The press has highlighted the attack in large part because “some of the country’s nuclear weapons are thought to be stored” at Kamra, The use of the passive voice—“are thought”—is a good move here. Who are these thinkers? I have always found open-source attempts to figure out where Pakistan’s nuclear assets are stored to be a bit of a fool’s errand. Reporting on this tends to be incredibly circular, and if you trace citations (when they exist) you almost always end up at Globalsecurity.org or Wikipedia. A few years back I did a quick look at the evidence as to whether Kamra held nuclear weapons and found the evidence unconvincing. It is likely true that the Mirage-5 aircraft, which reportedly operate from Kamra, are nuclear capable (paywall), so it is certainly possible that weapons or their components are nearby. It’s also possible that they are not.

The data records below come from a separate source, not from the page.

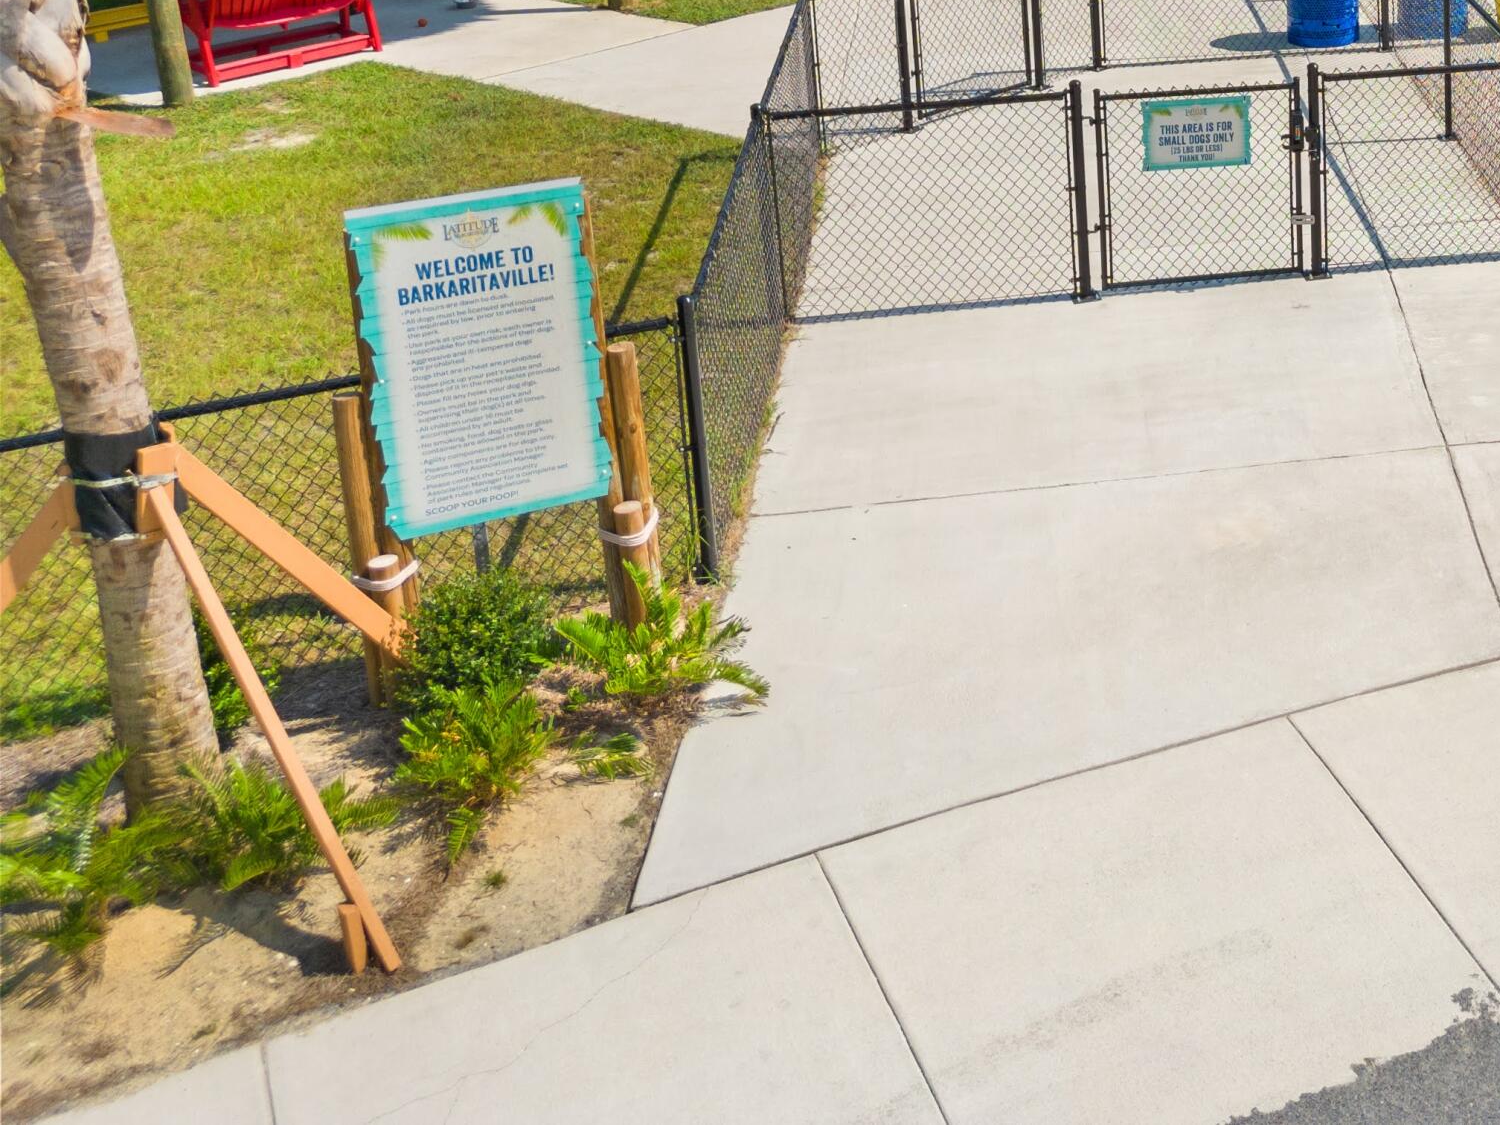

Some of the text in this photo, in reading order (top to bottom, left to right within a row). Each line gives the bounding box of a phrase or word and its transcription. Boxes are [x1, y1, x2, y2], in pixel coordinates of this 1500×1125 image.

[1158, 132, 1234, 146] SMALL DOGS ONLY
[1160, 121, 1232, 135] THIS AREA IS FOR
[1179, 153, 1215, 162] THANK YOU!
[1183, 146, 1195, 154] LBS
[1196, 145, 1204, 153] OR
[442, 217, 500, 242] LATITUDE
[415, 245, 533, 281] WELCOME TO
[397, 263, 555, 306] BARKARITAVILLE!
[403, 307, 421, 315] Park
[422, 303, 444, 312] hours
[458, 297, 479, 306] dawn
[416, 314, 434, 324] dogs
[435, 310, 455, 319] must
[467, 303, 499, 314] licensed
[514, 294, 554, 306] inoculated
[416, 319, 449, 331] required
[476, 311, 494, 321] prior
[504, 304, 536, 316] entering
[408, 342, 453, 356] responsible
[480, 333, 507, 343] actions
[518, 328, 535, 336] their
[536, 324, 555, 334] dogs.
[423, 337, 441, 347] park
[451, 334, 467, 342] your
[502, 324, 521, 332] each
[521, 320, 544, 328] owner
[410, 338, 532, 366] Aggressive and ill-tempered dogs
[412, 372, 431, 382] Dogs
[432, 369, 448, 377] that
[471, 362, 488, 370] heat
[413, 381, 438, 390] Please
[439, 378, 455, 387] pick
[467, 373, 484, 381] your
[505, 365, 527, 373] waste
[414, 387, 444, 399] dispose
[482, 372, 525, 386] receptacles
[527, 366, 560, 378] provided.
[415, 397, 440, 406] Please
[452, 393, 466, 401] any
[466, 388, 487, 397] holes
[488, 386, 505, 394] your
[506, 382, 521, 391] dog
[416, 389, 532, 416] Owners must the park and
[417, 409, 461, 424] supervising
[461, 406, 479, 414] their
[429, 419, 460, 430] children
[461, 415, 483, 424] under
[494, 409, 513, 417] must
[487, 428, 501, 437] dog
[502, 424, 524, 432] treats
[533, 418, 553, 428] glass
[419, 424, 471, 440] accompanied
[421, 442, 462, 455] containers
[476, 434, 504, 445] allowed
[423, 455, 446, 466] Agility
[447, 446, 494, 461] components
[520, 437, 538, 447] dogs
[423, 463, 448, 473] Please
[449, 459, 473, 470] report
[474, 456, 488, 465] any
[489, 449, 524, 462] problems
[534, 444, 546, 452] the
[424, 458, 512, 482] Community Association
[425, 479, 450, 490] Please
[451, 474, 480, 484] contact
[495, 462, 538, 477] Community
[426, 483, 470, 497] Association
[471, 476, 502, 489] Manager
[521, 466, 556, 479] complete
[424, 490, 519, 516] SCOOP YOUR POOP!
[436, 493, 453, 503] park
[454, 489, 473, 498] rules
[474, 486, 488, 494] and

Needless to say, this sort of opacity and secrecy about where your nuclear weapons are located is a good thing if there is a risk that a bunch of guys with beards and guns will be attacking your air bases. The New York Times tells me that U.S.-origin (and likely nuclear capable) F-16s operate out of Kamra. The ever-reliable Wikipedia suggests that the F-16s do not operate out of Kamra, but instead operate from Sarghoda and Jacobabad. The F-16s could be at Kamra for repairs or modifications, but their presence would have no implications for the presence or absence of nuclear weapons there. Kamra apparently houses the new Chinese-origin JF-17 fighters, but it seems possible the JF-17s at Kamra are just there for testing and evaluation prior to going out to other squadrons and, in any event, I have seen no reporting as to whether the JF-17 is nuclear capable.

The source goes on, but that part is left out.